Task to carry out: From the line containing "this 1280×1080 image." down to the final entry below, restate each line word for word.

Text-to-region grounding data
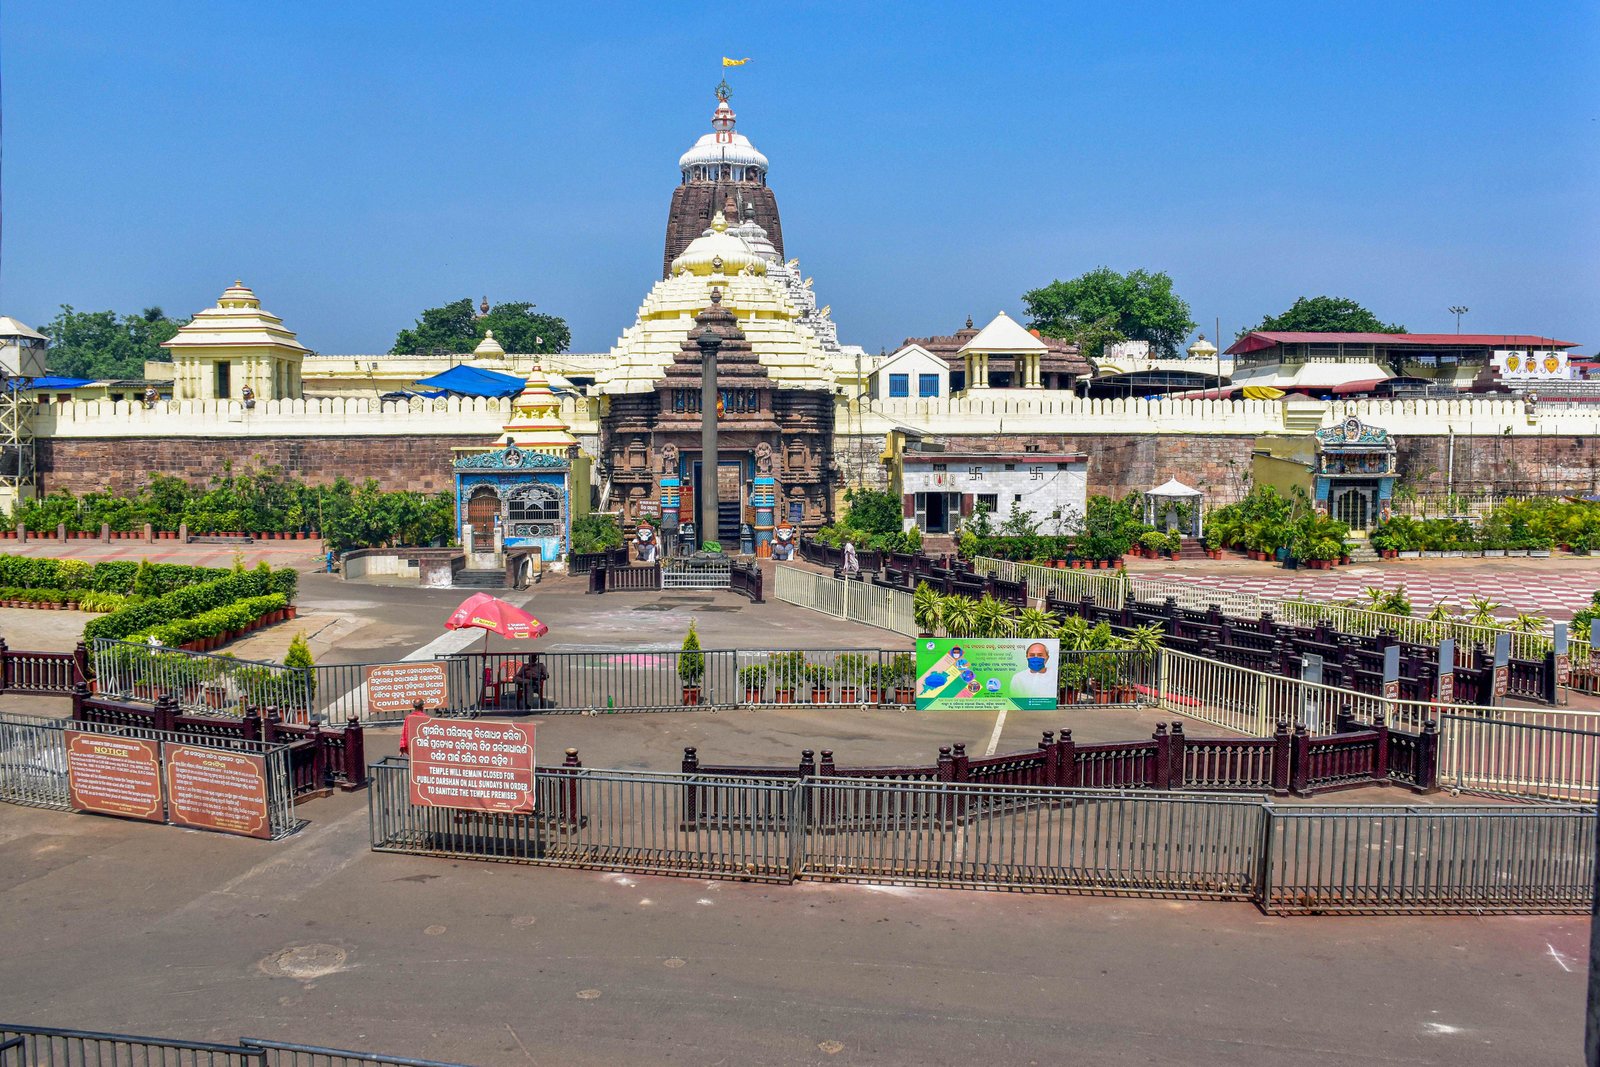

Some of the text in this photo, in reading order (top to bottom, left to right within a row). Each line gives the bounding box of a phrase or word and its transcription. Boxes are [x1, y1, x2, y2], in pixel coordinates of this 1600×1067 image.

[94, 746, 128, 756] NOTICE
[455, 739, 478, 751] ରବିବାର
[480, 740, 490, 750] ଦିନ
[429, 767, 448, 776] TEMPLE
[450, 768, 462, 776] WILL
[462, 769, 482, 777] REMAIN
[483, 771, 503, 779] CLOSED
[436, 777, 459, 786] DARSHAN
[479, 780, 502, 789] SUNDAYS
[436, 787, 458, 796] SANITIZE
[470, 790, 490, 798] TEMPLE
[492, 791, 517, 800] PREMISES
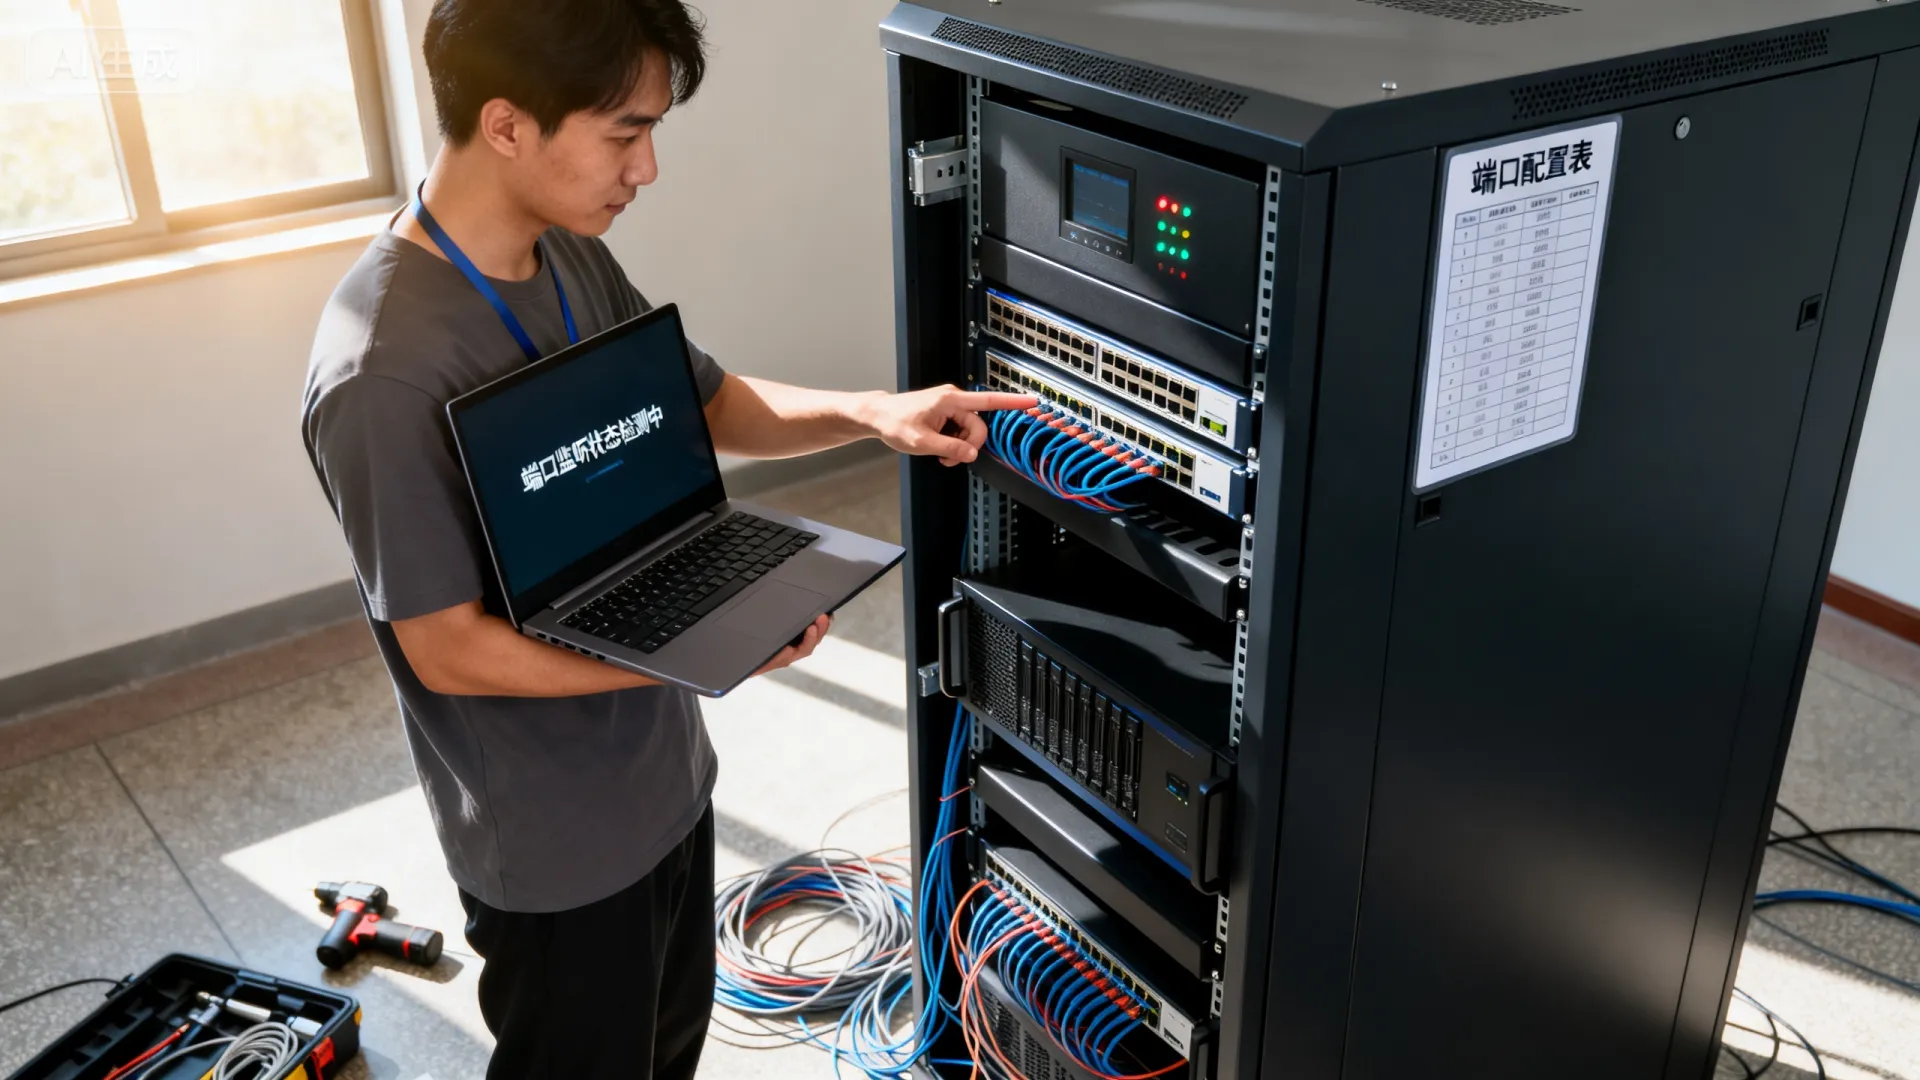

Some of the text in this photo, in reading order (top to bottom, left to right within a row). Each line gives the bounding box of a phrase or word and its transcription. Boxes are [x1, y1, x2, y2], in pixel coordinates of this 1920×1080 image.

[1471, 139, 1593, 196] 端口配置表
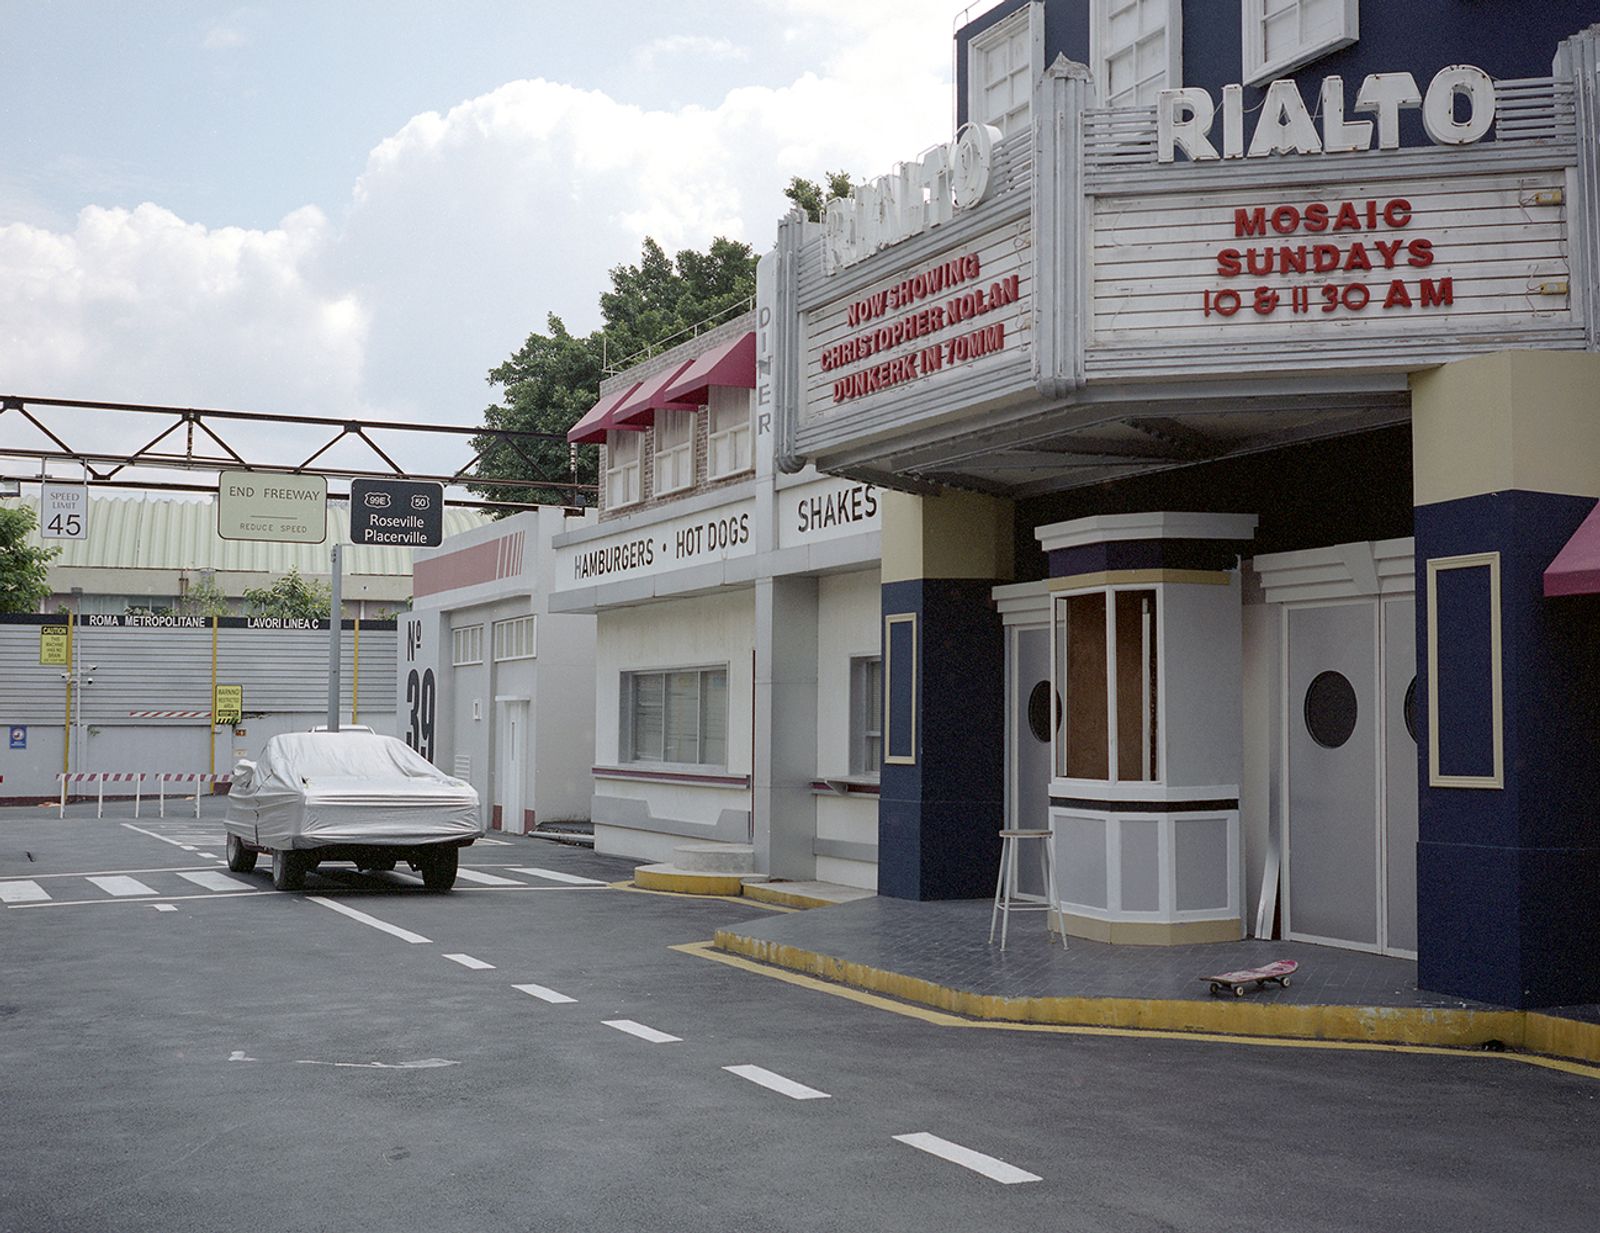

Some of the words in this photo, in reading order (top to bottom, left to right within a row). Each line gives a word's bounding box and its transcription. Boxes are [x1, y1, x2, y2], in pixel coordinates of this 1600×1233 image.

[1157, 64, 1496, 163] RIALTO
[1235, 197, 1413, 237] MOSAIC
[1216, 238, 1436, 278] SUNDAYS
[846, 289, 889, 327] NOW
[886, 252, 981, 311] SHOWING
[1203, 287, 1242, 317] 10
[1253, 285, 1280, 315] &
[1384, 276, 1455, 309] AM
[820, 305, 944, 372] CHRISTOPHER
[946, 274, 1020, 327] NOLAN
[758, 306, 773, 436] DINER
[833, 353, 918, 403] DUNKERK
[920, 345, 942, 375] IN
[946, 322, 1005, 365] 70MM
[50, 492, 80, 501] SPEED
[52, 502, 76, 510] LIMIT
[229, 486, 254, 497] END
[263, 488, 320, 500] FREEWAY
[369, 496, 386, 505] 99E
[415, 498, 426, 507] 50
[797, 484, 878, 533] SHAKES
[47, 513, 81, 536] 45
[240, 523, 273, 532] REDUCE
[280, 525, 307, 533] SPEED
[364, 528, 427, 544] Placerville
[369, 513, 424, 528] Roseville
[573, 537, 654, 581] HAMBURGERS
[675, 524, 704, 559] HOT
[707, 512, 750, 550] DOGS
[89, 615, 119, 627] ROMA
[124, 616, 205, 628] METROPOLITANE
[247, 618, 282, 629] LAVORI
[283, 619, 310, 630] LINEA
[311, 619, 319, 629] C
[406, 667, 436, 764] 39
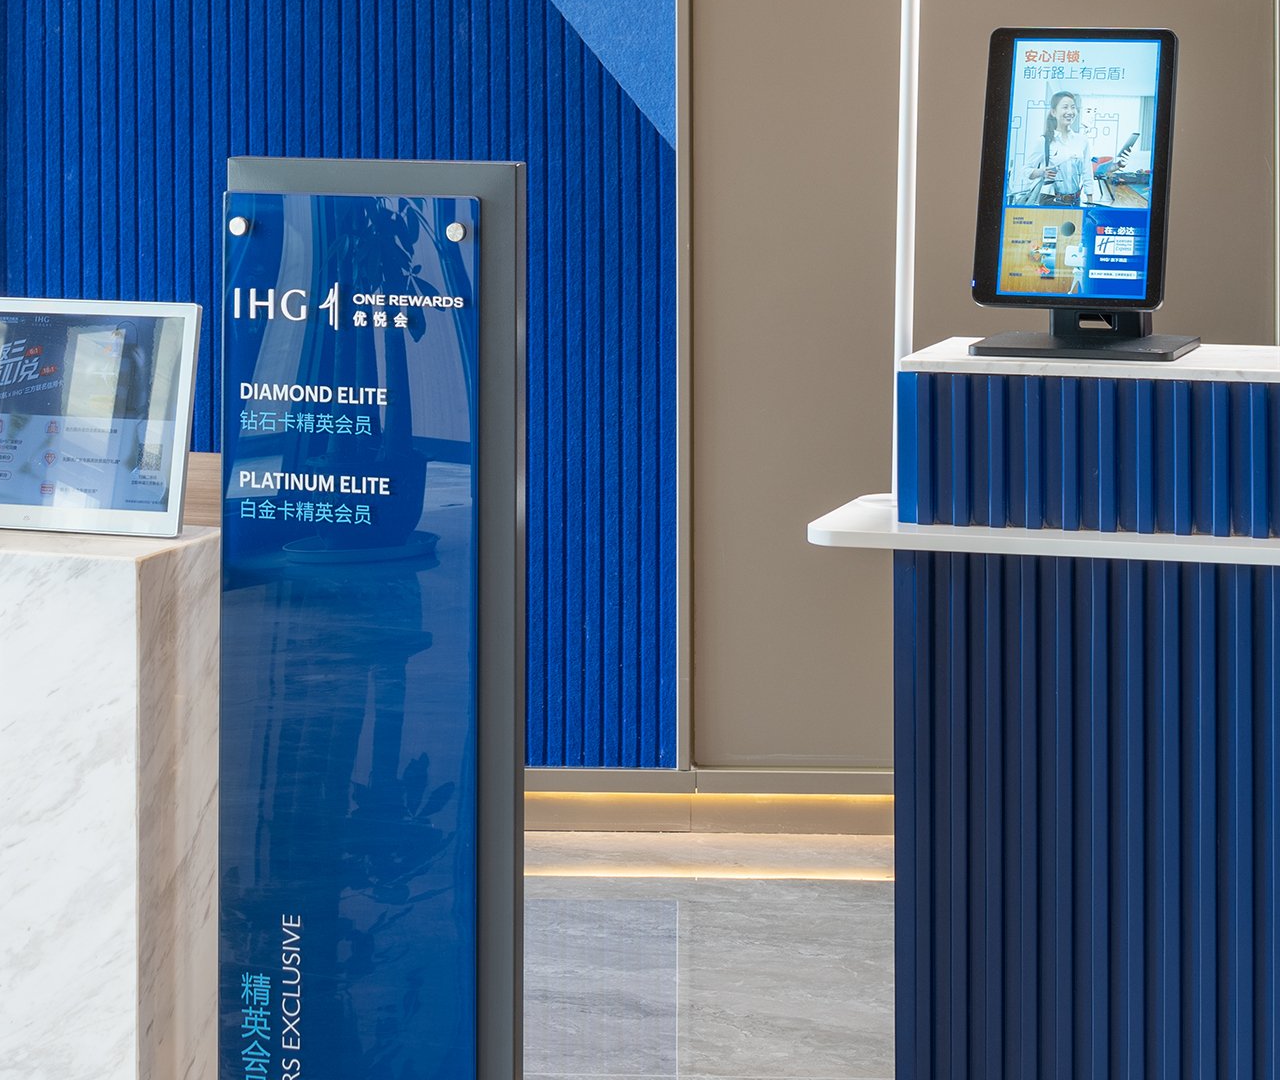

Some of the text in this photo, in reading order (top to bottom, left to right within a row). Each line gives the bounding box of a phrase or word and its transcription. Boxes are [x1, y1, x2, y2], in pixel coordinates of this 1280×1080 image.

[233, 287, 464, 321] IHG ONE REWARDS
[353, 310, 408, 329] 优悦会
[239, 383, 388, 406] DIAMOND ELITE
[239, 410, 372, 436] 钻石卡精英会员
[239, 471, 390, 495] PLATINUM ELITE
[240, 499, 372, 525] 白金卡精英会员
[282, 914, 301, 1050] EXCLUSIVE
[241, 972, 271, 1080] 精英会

Task output:
Some of the text in this photo, in reading order (top to bottom, left to right within a row). Each line gives the bounding box of a phrase or word and its transcription. Boxes are [x1, y1, x2, y2], in pixel coordinates of this 1280×1080 image.

[233, 287, 464, 321] IHG ONE REWARDS
[353, 310, 408, 329] 优悦会
[239, 383, 388, 406] DIAMOND ELITE
[239, 410, 372, 436] 钻石卡精英会员
[239, 471, 390, 495] PLATINUM ELITE
[240, 499, 372, 525] 白金卡精英会员
[282, 914, 301, 1050] EXCLUSIVE
[241, 972, 271, 1080] 精英会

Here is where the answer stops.